The state-run 14 medical colleges attached hospitals – including the Sassoon Hospital in Pune – is part of the state-wide surveillance programme of anti–microbial resistance in hospitals.
"One of the biggest challenges is finding out the true size of the problem of antibiotics resistance. We need better data to work out an action plan," Jangle said.
Microbiologists have been emphasising the urgent need for microbiological laboratory support for doctors and strict guidelines on antibiotic prescriptions and policies for quite some time. Last year, a controversy blew up in the country about the highly resistant 'superbugs' bacteria containing the 'NDM–1' enzyme.
Anti–microbial resistance is the inevitable result of inappropriate use of antibiotics in hospitals and in the community (including subtherapeutic doses due to ignorance about resistance mechanisms), widespread over–the–counter sales of antibiotics and patients failing to complete their courses of antibiotics.
"This is the start of a process. We can and have to raise awareness among policy–makers and the public," Jangle said. Experts say that simply restricting over–the–counter sale of anti–microbials will not achieve much and suggest that more is needed to curb the use of second–line antibiotics, which should be used as a last resort and when the first–line antibiotics fail.
"The beneficial effect of restriction of first–line antibiotics sold over the counter will be evident in the long run, but what we need most is restriction of higher–end antibiotics used in hospitals," said senior microbiologist Renu Bharadwaj, head of the microbiology department of the Sassoon General Hospital.
Recently, the microbiology department of the Sassoon hospital collected blood and urine samples of 3,172 patients and found multidrug resistance in 66% people. Besides, 181 were found resistant to the highest level of antibiotics that is Carbapenems. The study also found that 20 people were carrying the NDM–1 bacteria. Of the total cases, 885 had gram negative bacteria and about a fifth of these were resistant to very high level of antibiotics. All Carbepenem–resistant isolates were sent to the National Centre for Cell Science (NCCS) for genetic sequencing to identify the NDM 1 gene.
A group of microbiologists from Pune and Hyderabad had also found an alarming level of drug–resistant E.coli bacteria with high virulence in people with urinary tract infection (UTI) living in a semi–urban, industrialised setting in Pimpri Chinchwad a few months ago.

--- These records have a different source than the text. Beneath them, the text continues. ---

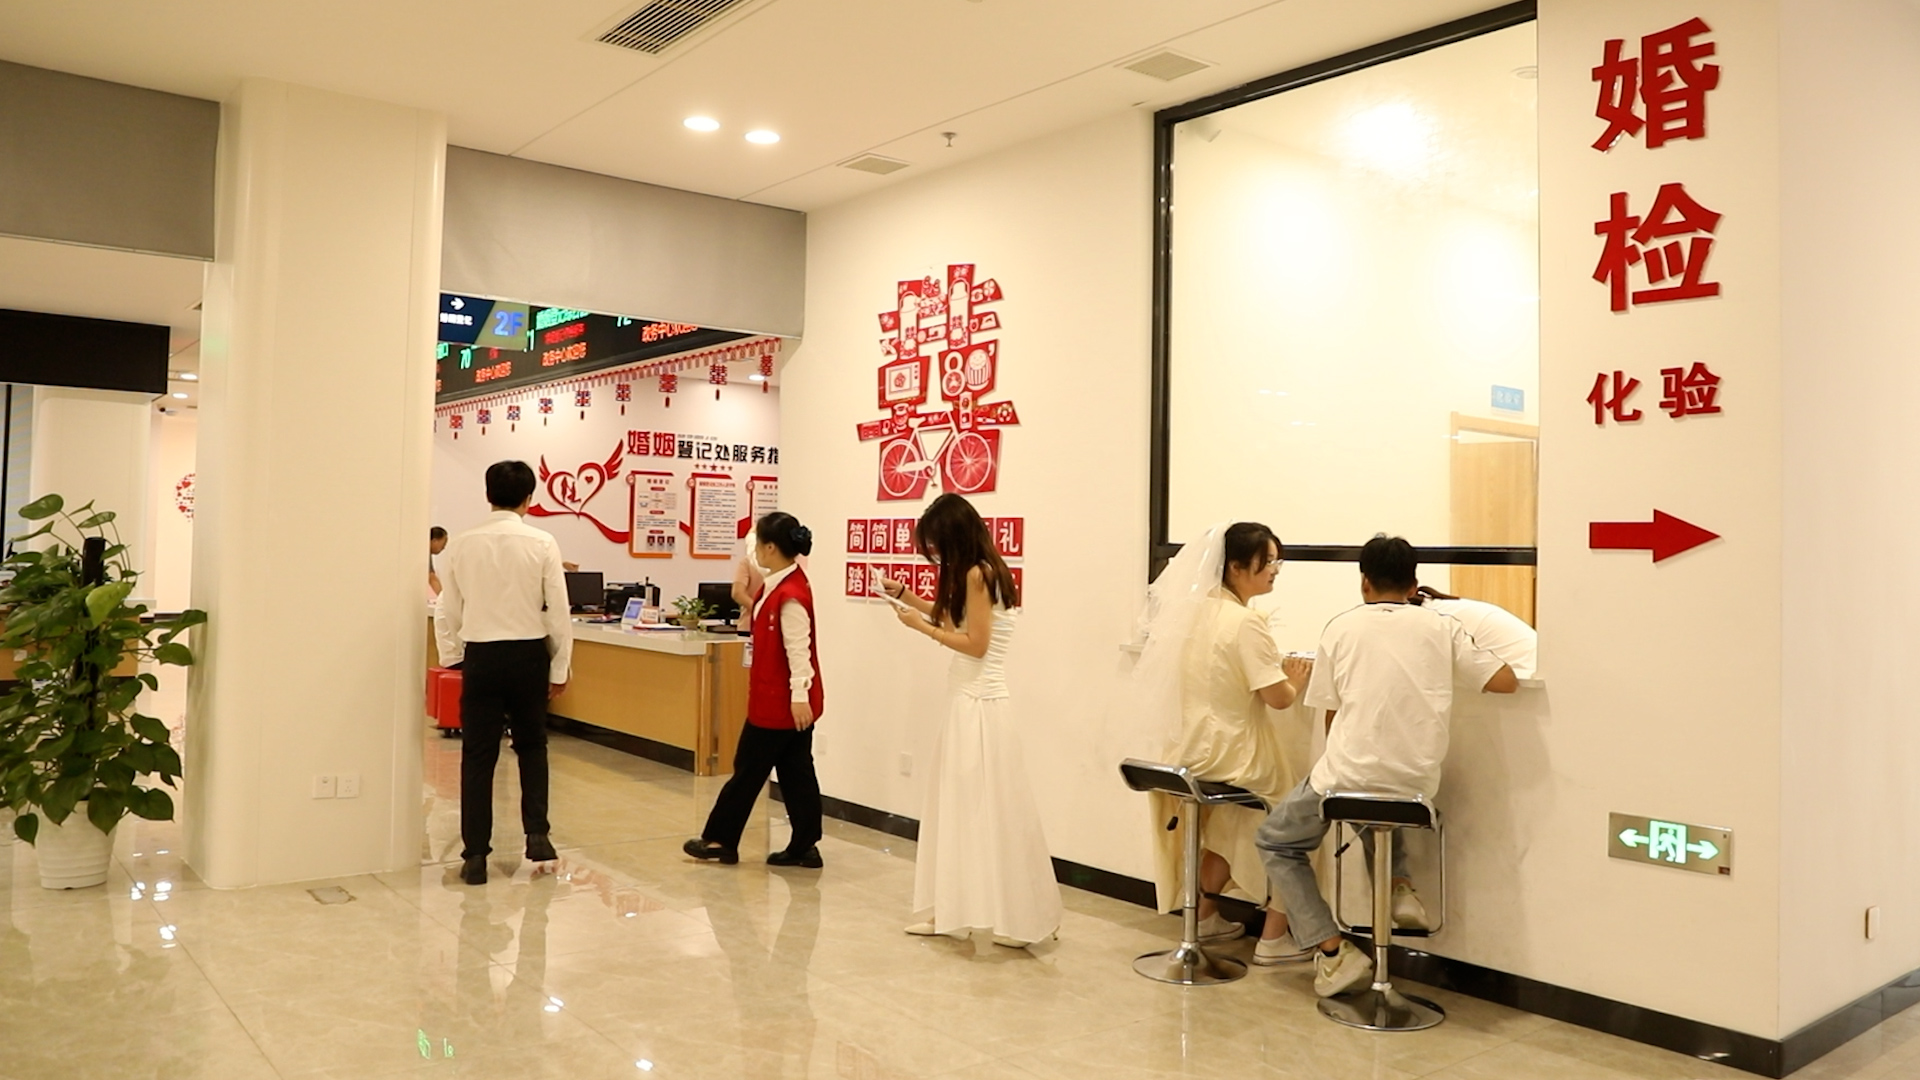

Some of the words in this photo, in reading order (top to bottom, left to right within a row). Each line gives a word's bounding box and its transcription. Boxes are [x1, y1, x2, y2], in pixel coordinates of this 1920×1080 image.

[1592, 17, 1721, 312] 婚检
[493, 311, 524, 337] 2F
[1587, 362, 1722, 425] 化验
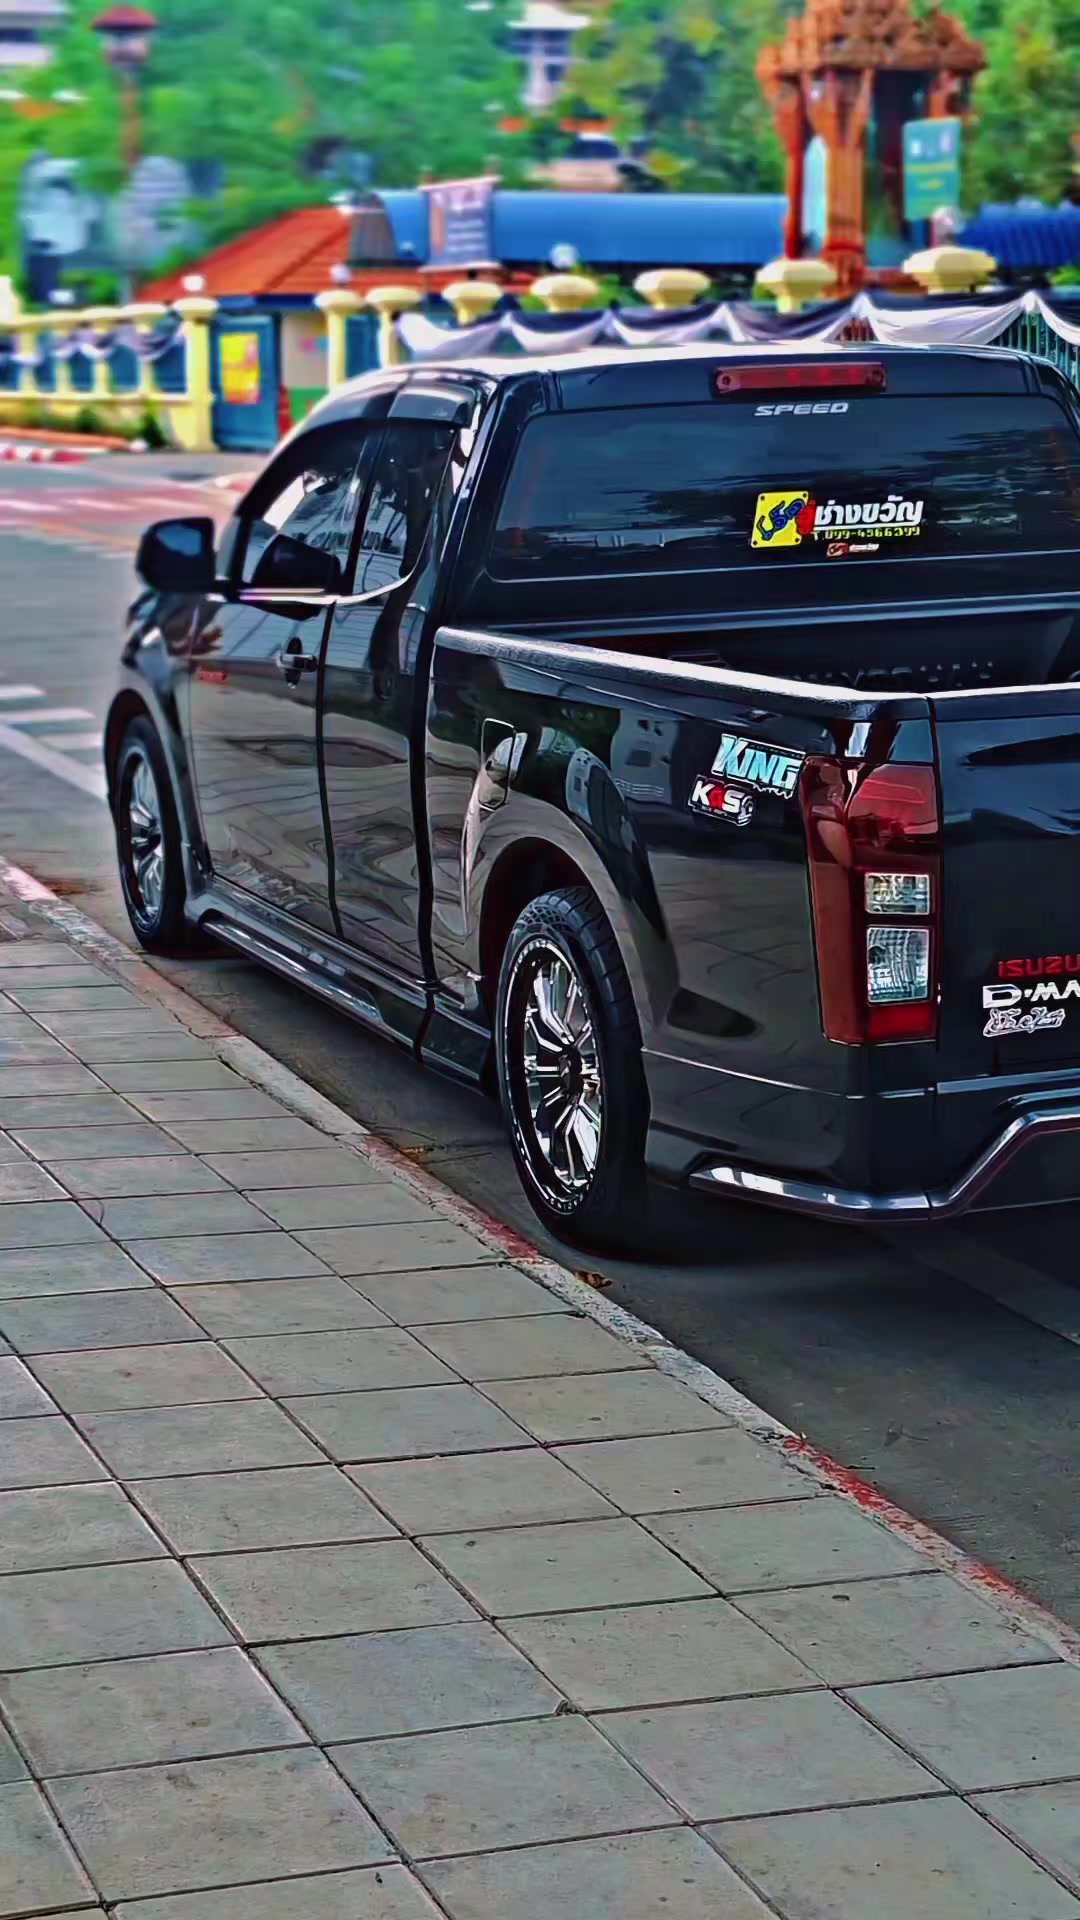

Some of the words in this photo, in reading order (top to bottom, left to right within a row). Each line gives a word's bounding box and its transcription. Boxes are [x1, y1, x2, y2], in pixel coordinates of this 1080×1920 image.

[754, 402, 848, 416] SPEED
[711, 733, 803, 790] KING
[998, 953, 1080, 977] ISUZU

Urinary tract infections are the second most common type of infections and rise from Escherichia coli (E.coli), which normally thrives in the colon. Women are particularly susceptible to this infection which accounts for about 8.3 million doctor visits each year.Objective
The state–wide surveillance programme of anti–microbial resistance in hospitals is aimed at finding the true size of antibiotics resistance. As many as 14 state–run medical colleges attached hospitals including the Sassoon Hospital in Pune is part of the surveillance programme.Way Ahead
Knowledge of the resistance pattern will help correct and lead to judicious antibiotic use.